Na noite passada, um grupo de sonserinos decidiu, às escondidas, construir uma escultura de neve representando a própria Sonserina, para impressionar os outros alunos pela manhã — André não entendeu todos os detalhes, mas era basicamente isso.

Mas os grifinórios também eram noturnos — no início, ambos os grupos competiam de forma saudável, apostando na qualidade das esculturas, mas quando perceberam que as obras da Grifinória não eram páreo para a Sonserina e ainda foram alvo de zombarias...

O conflito logo escalou.

Apesar de todos terem respeitado as esculturas dos fundadores, sem derrubar nenhuma, as estátuas saíram ilesas, mas os alunos não. A batalha de bolas de neve durou até altas horas, e só então perceberam que alguns haviam colocado gelo e pedras nas bolas, além de líquidos coloridos.

Em seguida, descontentes, os dois lados iniciaram uma nova confusão, mas foram interrompidos pelo Sr. Filch. O confronto foi tão intenso que os outros dois dormitórios logo souberam do ocorrido. Embora ninguém tenha ido parar na enfermaria, ambos os grupos perderam bastante prestígio...

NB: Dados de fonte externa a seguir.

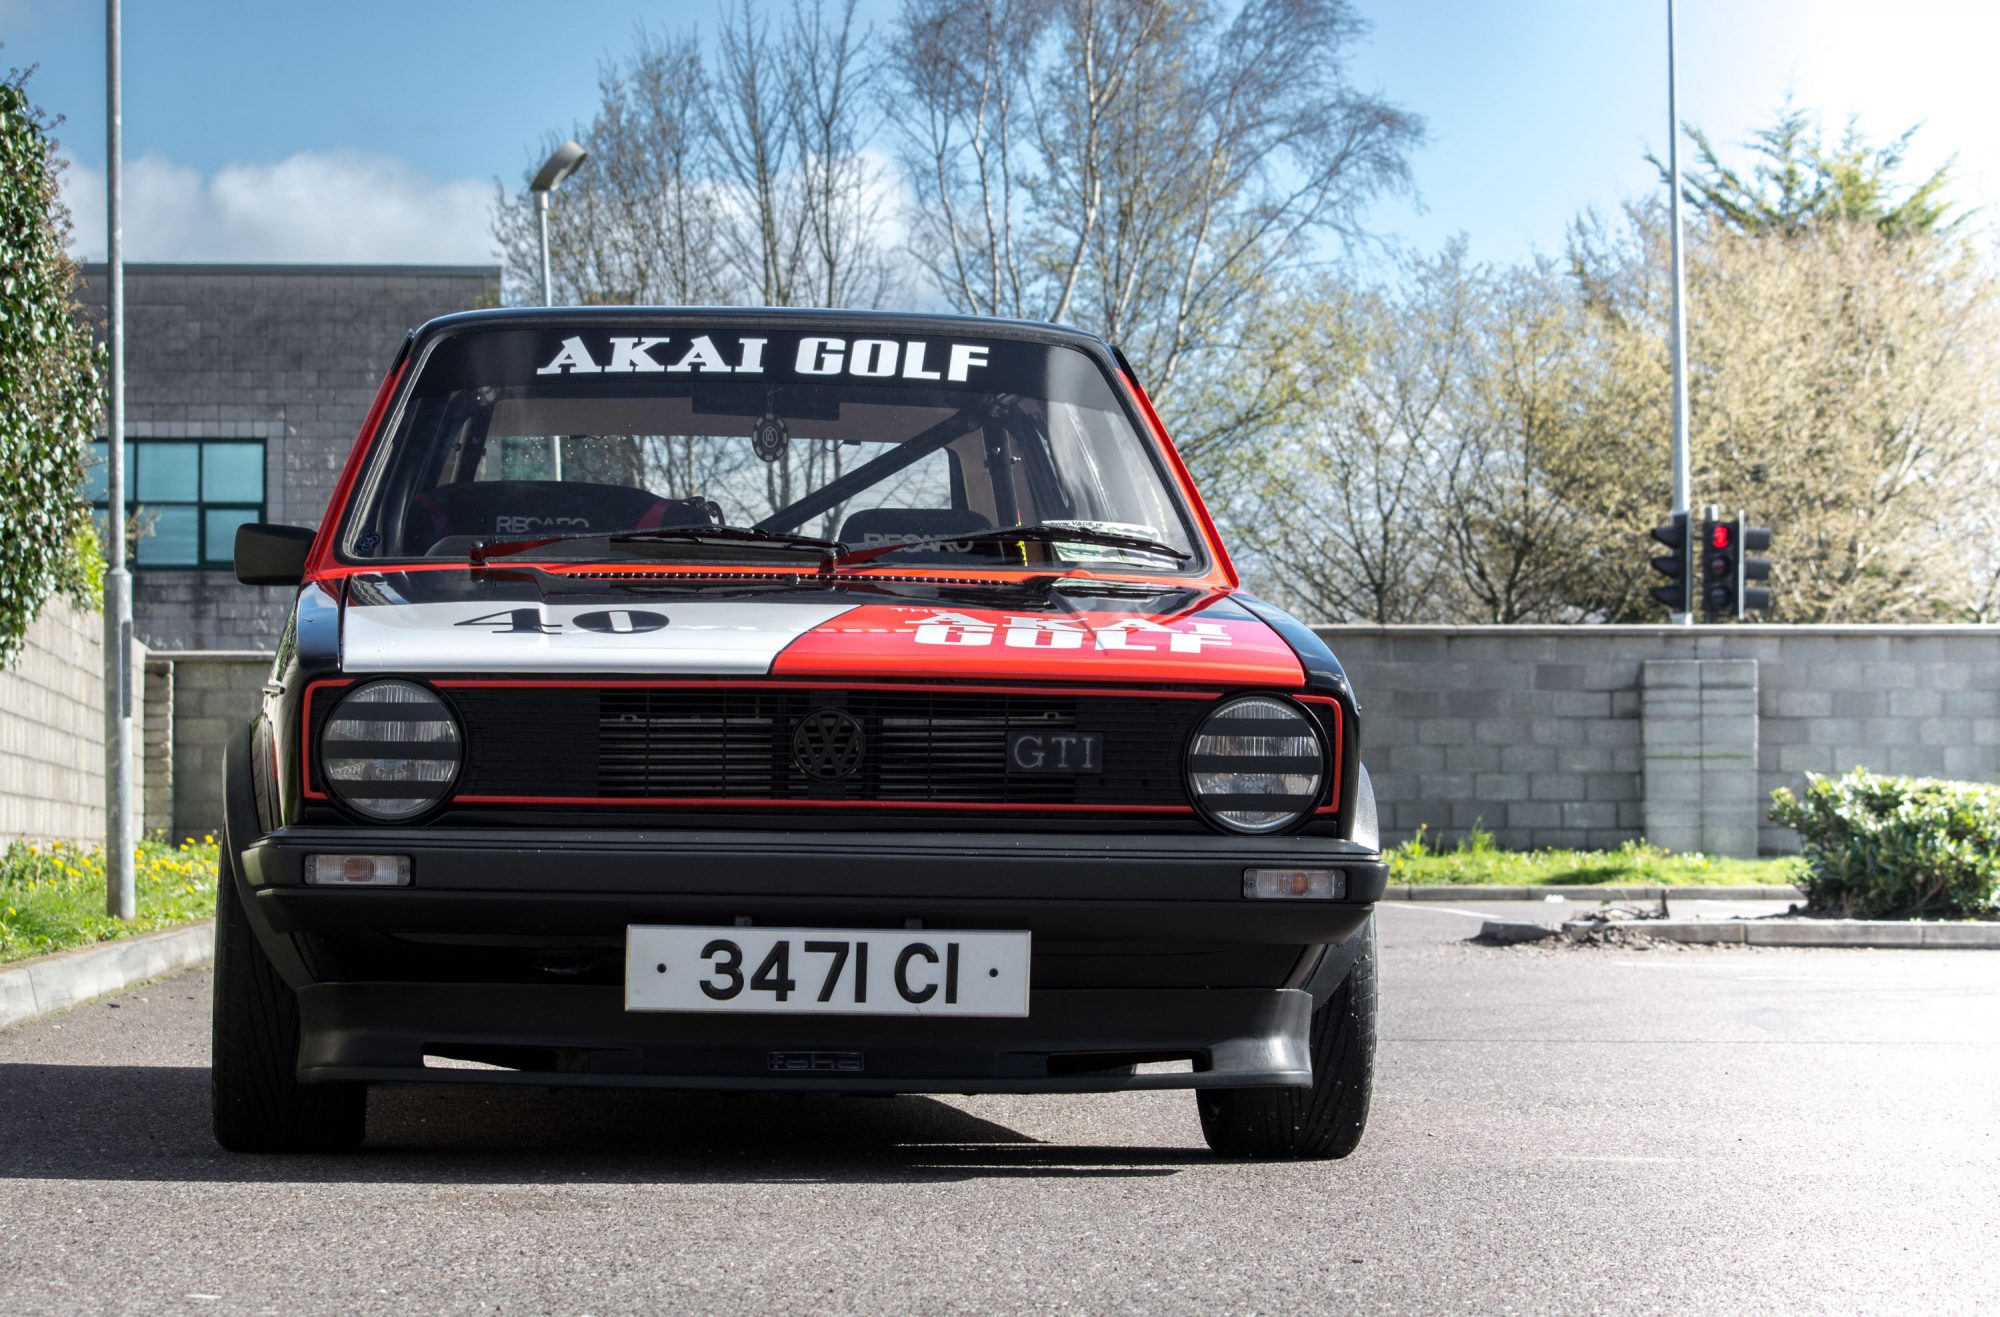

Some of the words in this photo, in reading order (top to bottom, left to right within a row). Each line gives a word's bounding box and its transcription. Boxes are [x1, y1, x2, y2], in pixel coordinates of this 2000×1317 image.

[537, 335, 768, 375] AKAI
[794, 337, 990, 382] GOLF
[453, 608, 670, 634] 40
[904, 611, 1230, 637] AKAI
[914, 624, 1233, 654] GOLF
[1013, 735, 1095, 769] GTI
[699, 938, 869, 1003] 3471
[894, 942, 959, 1005] CI

Isso explicava por que André temia que uma nova briga acontecesse naquele dia — na reunião da lareira de ontem à noite, os corvinos, por unanimidade, tomaram uma decisão rara: após a batalha, também fariam uma escultura representando o próprio dormitório, para que não parecesse que apenas os outros dois se destacavam no castelo.

Como a única monitora presente liderou a ideia, e todos estavam insatisfeitos com a situação, pela primeira vez chegaram a um consenso, esperando terminar a escultura só depois da briga, para evitar serem atingidos por acidente.

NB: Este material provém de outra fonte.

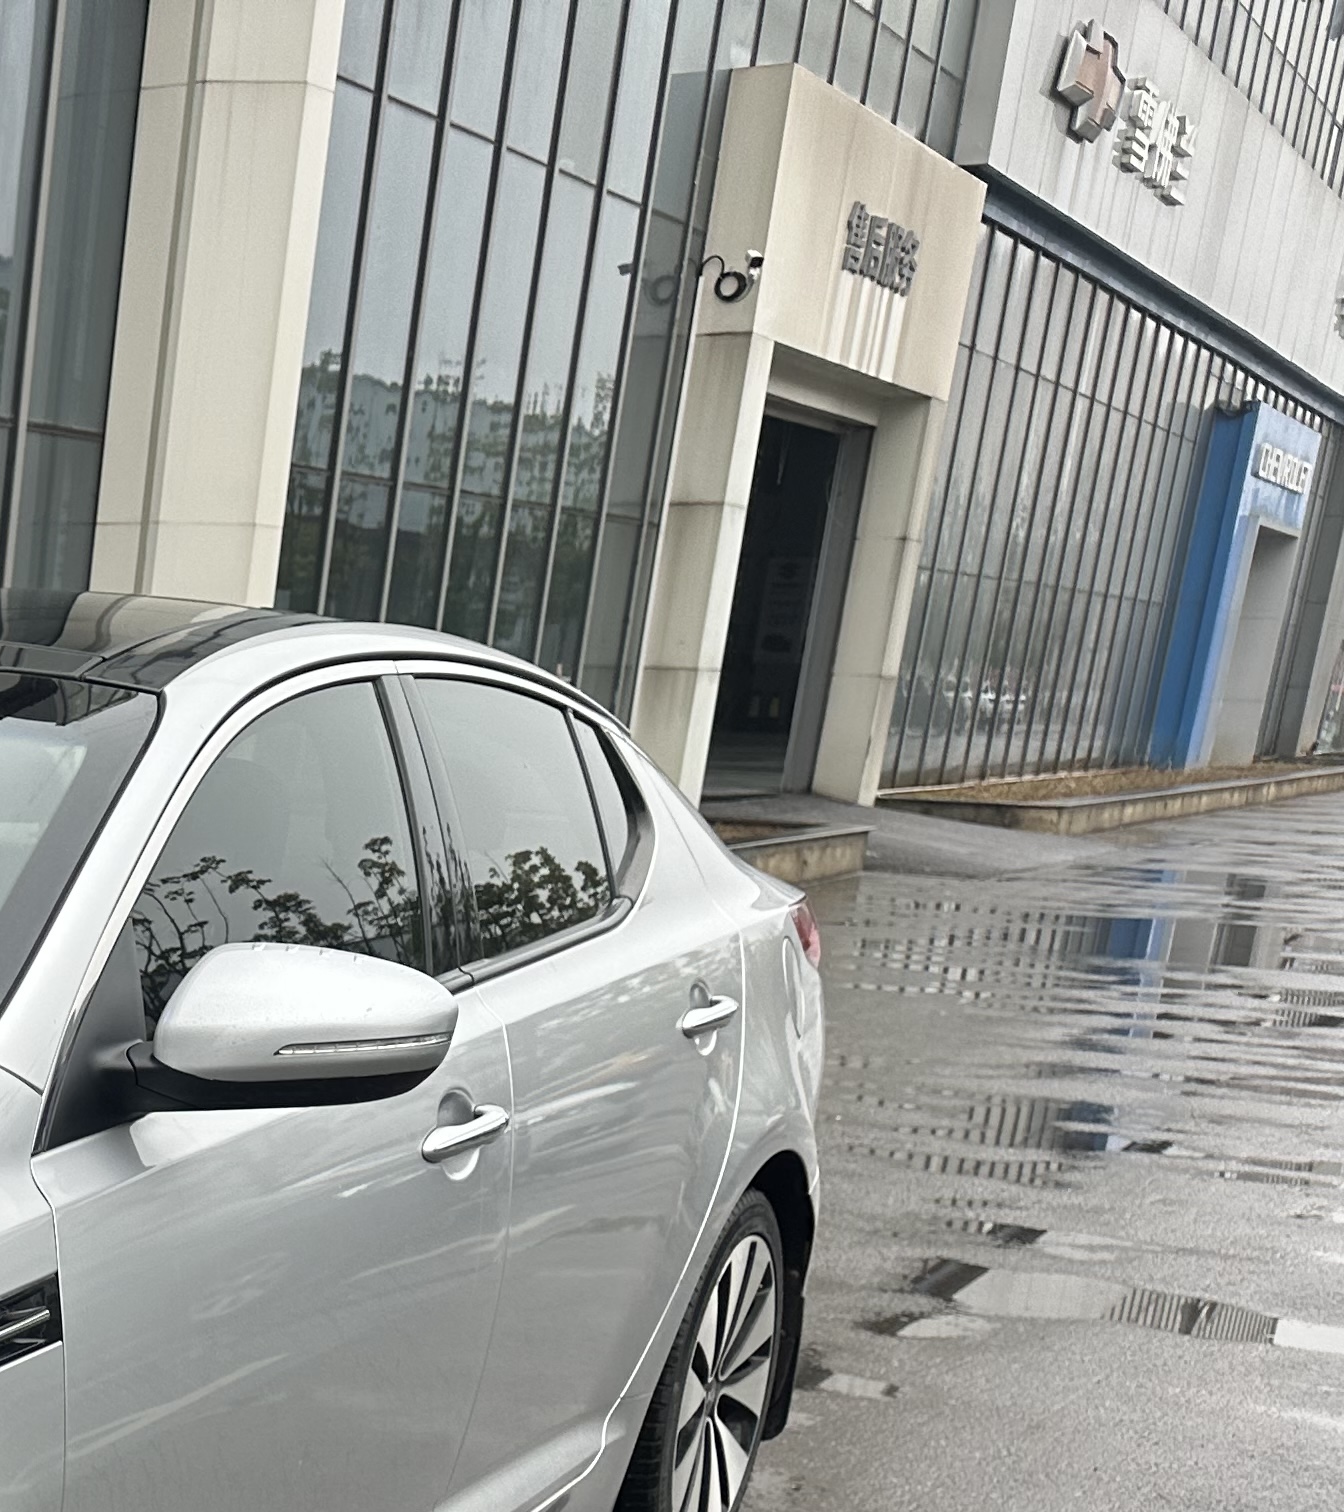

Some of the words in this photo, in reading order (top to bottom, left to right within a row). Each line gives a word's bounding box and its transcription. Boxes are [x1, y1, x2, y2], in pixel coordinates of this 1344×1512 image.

[842, 201, 920, 297] 售后服务
[1258, 442, 1313, 494] CHEVROLET

O que André não esperava era que, na manhã seguinte, ao retornar ao salão comunal após revisar os documentos, o resultado já estivesse decidido.

"Não vamos mais fazer a escultura da Corvinal."

A monitora, sorridente, postou-se diante da lareira: "Vamos usar corvos! E colocá-los na ponta da Torre de Astronomia — consegui várias vassouras emprestadas!"

"Ótimo!"

"Assim é que deve ser!"

Os corvinos restantes ficaram inusitadamente animados — a monitora realmente sabia aumentar as expectativas.

Assim, após uma refeição simples, todos começaram a trabalhar no ponto mais alto da escola — a tarefa não era difícil, até os calouros conseguiam, com facilidade, lançar o feitiço de levitação para erguer blocos de neve, enquanto os alunos mais velhos cuidavam da modelagem, empenhados em superar as esculturas dos outros dormitórios.

"Calouros, atenção à segurança!"

Enquanto André recolhia neve com alegria, um veterano lhe entregou uma longa corda presa à torre.

"Tem que se preparar para não correr riscos!"

???

André ficou confuso.

"Amarre na cintura, segurança em primeiro lugar! Todos os alunos dos primeiros anos devem estar presos à torre!"